The response has to reproduce all entries exactly while excluding their pictures.

[Dataset records]
_ _ _
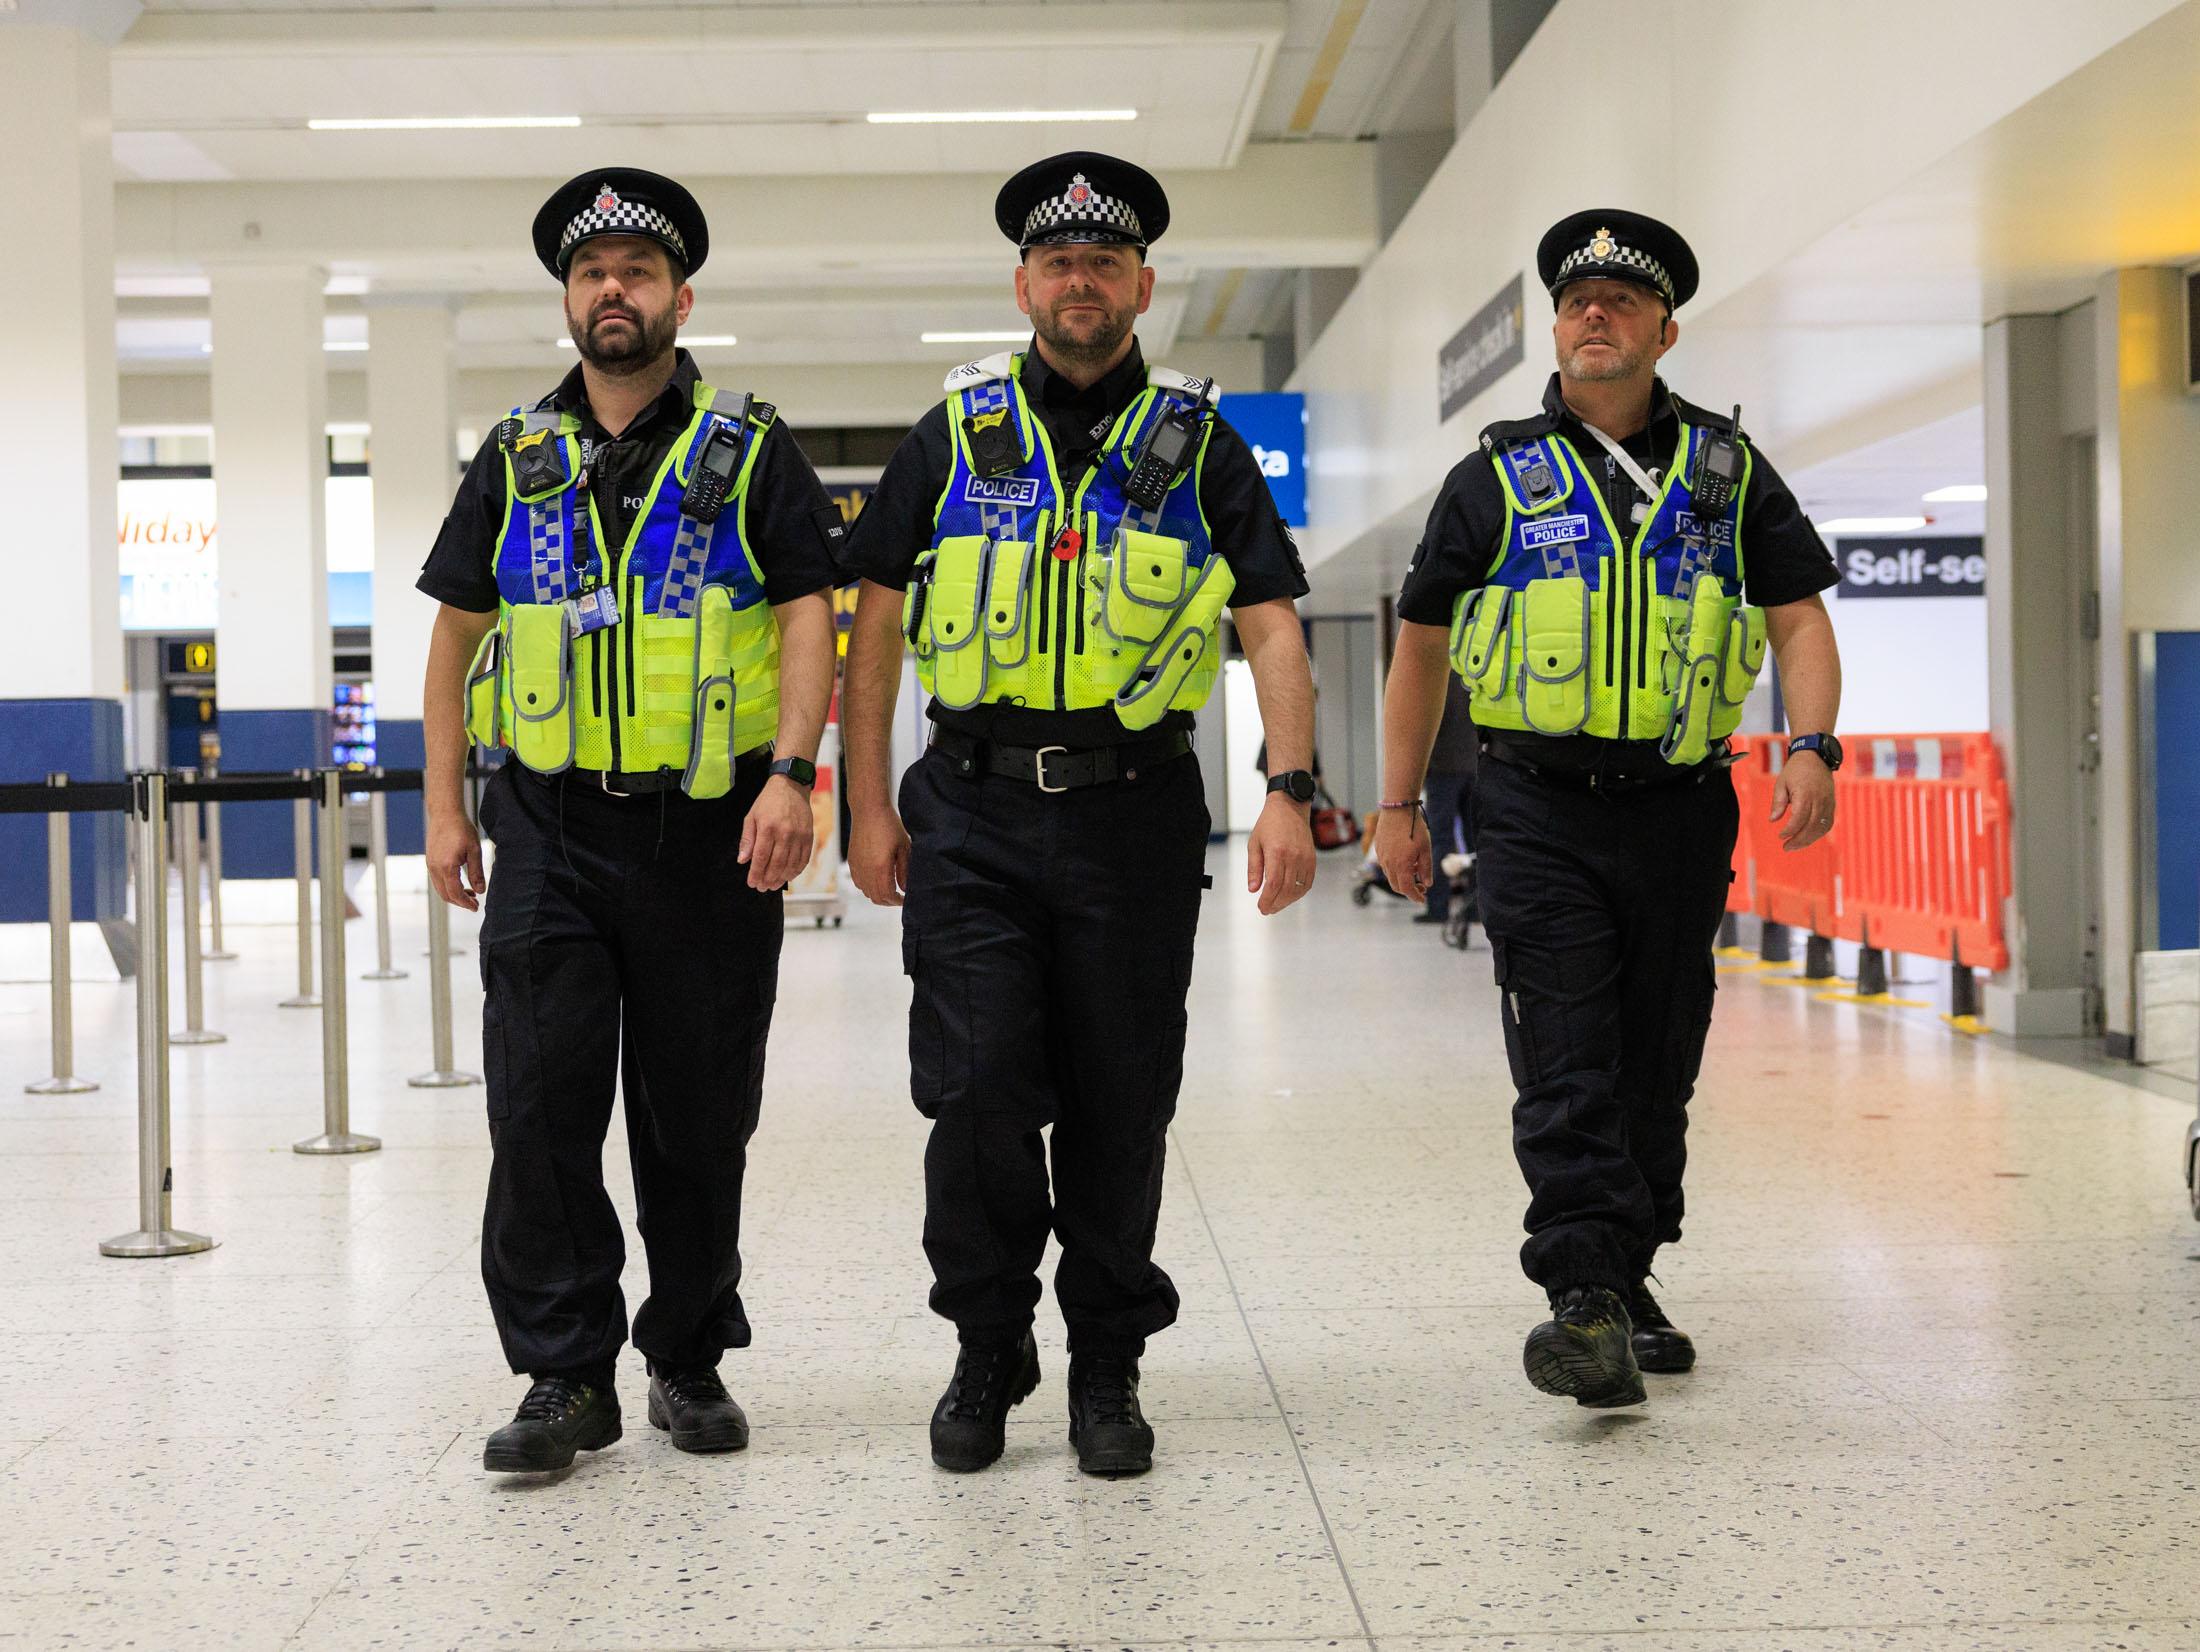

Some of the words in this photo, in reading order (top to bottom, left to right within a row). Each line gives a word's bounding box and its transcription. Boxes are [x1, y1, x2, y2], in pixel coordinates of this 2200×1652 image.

[761, 404, 774, 420] 2015
[502, 420, 510, 440] 2015
[972, 479, 1031, 500] POLICE
[623, 495, 647, 510] PO
[1525, 523, 1548, 534] GREATER
[1548, 518, 1584, 530] MANCHESTER
[1534, 526, 1577, 543] POLICE
[1683, 517, 1731, 540] POICE
[1846, 547, 1985, 586] Self-se
[604, 586, 621, 623] POLICE
_ _ _
REPLY:
Some of the words in this photo, in reading order (top to bottom, left to right within a row). Each line gives a word's bounding box and its transcription. Boxes are [x1, y1, x2, y2], in pixel coordinates of this 2200×1652 image.

[761, 404, 774, 420] 2015
[502, 420, 510, 440] 2015
[972, 479, 1031, 500] POLICE
[623, 495, 647, 510] PO
[1525, 523, 1548, 534] GREATER
[1548, 518, 1584, 530] MANCHESTER
[1534, 526, 1577, 543] POLICE
[1683, 517, 1731, 540] POICE
[1846, 547, 1985, 586] Self-se
[604, 586, 621, 623] POLICE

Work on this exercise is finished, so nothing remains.